Once we have the batter of banana we are going to want to add the vanilla, 1 egg (or chia), coconut oil, organic sugar, honey, baking power, salt, cinnamon, and almond milk. Whisk together vigorously to combine ingredients. 

The almond meal, gluten free flour and gluten free oats are combined in last with the batter. This will create a thicker batter after the dry ingredients are added, make sure all ingredients and mixed in before putting in the pan. 

Preheat oven to 350 and line a loaf pan with parchment paper or spray with nonstick spray.

I usually just do a non-stick coconut oil spray! Pour the batter in to get ready for baking! I put fresh bananas in the top of mine to bake for some extra flavor! 

Let bake for about 1 hour to 1 hour 15 mins until it starts to get a little brown on top and it firm in the center. 

Pull bread out of the oven and let stand for at least 10/15 minutes. Letting it cool allows the bread to hold together when you cut it.

Cut into your bread and put a vegan butter, or cacao spread, or jam on it and enjoy! 

Full Instructions:

  1. Preheat oven to 350 and line a loaf pan with parchment paper or spray with nonstick spray.

  2. Mash banana in a large bowl. Add all ingredients through almond milk and whisk vigorously to combine.

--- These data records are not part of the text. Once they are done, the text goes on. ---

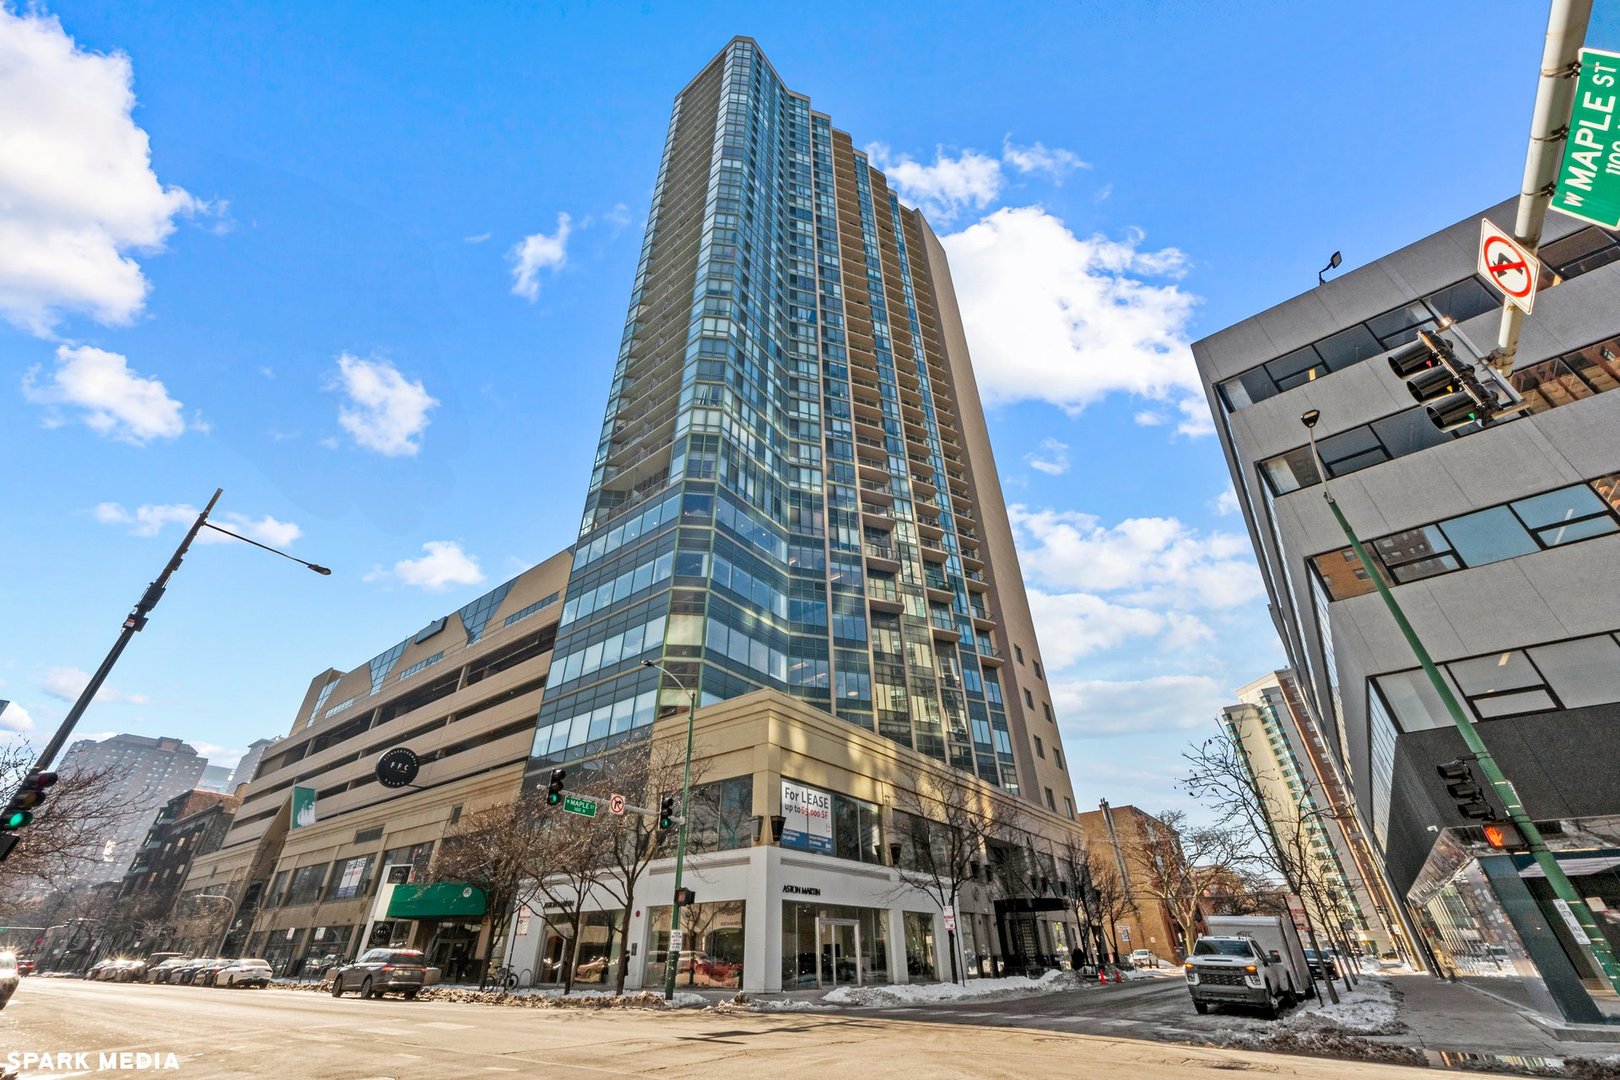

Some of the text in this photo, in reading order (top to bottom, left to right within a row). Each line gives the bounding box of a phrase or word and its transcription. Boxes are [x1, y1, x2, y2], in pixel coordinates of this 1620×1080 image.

[1563, 62, 1616, 207] W MAPLE ST
[784, 786, 829, 809] For LEASE
[570, 799, 589, 809] MAPLE
[784, 803, 793, 814] up
[794, 805, 800, 813] to
[782, 884, 801, 894] ASTON

Last add almond meal, gluten free flour blend and oats and stir.

  3. Bake for 1 hour – 1 hour 15 minutes. When ready, it should feel firm and be crackly and golden brown on top.

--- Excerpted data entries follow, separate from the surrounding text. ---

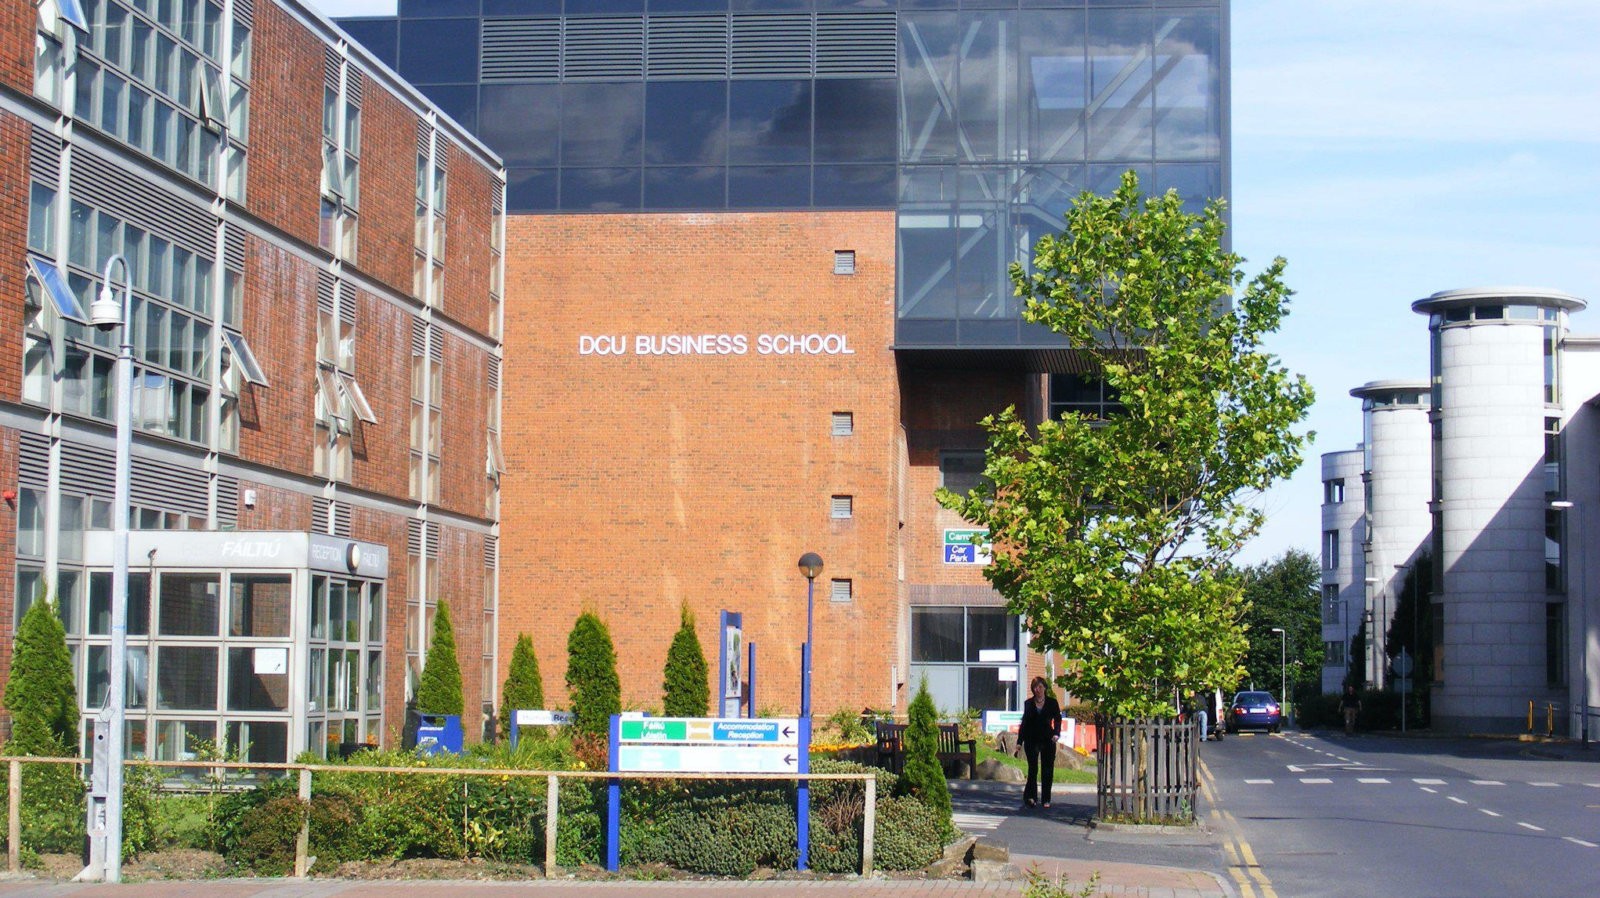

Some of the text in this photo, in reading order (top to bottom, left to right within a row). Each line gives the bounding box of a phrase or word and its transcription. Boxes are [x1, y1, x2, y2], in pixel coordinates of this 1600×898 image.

[579, 334, 855, 356] DCU BUSINESS SCHOOL
[951, 545, 966, 554] Car
[949, 554, 968, 562] Park
[717, 722, 775, 731] Accommodation
[727, 730, 765, 740] Reception

  4. Let cool before cutting or it will be too tender to hold form.

  5. Serve with butter and honey or as is. Store leftovers in a covered container for up to a few days. Slice and freeze for longer term storage.


Sub the egg out with 1 tbsp of chia seeds and 2.5 tbsp of water. Let chia seed sit in water for 5 minutes and expand. Then add to your banana batter! 

I hope you enjoy this recipe as much as I did!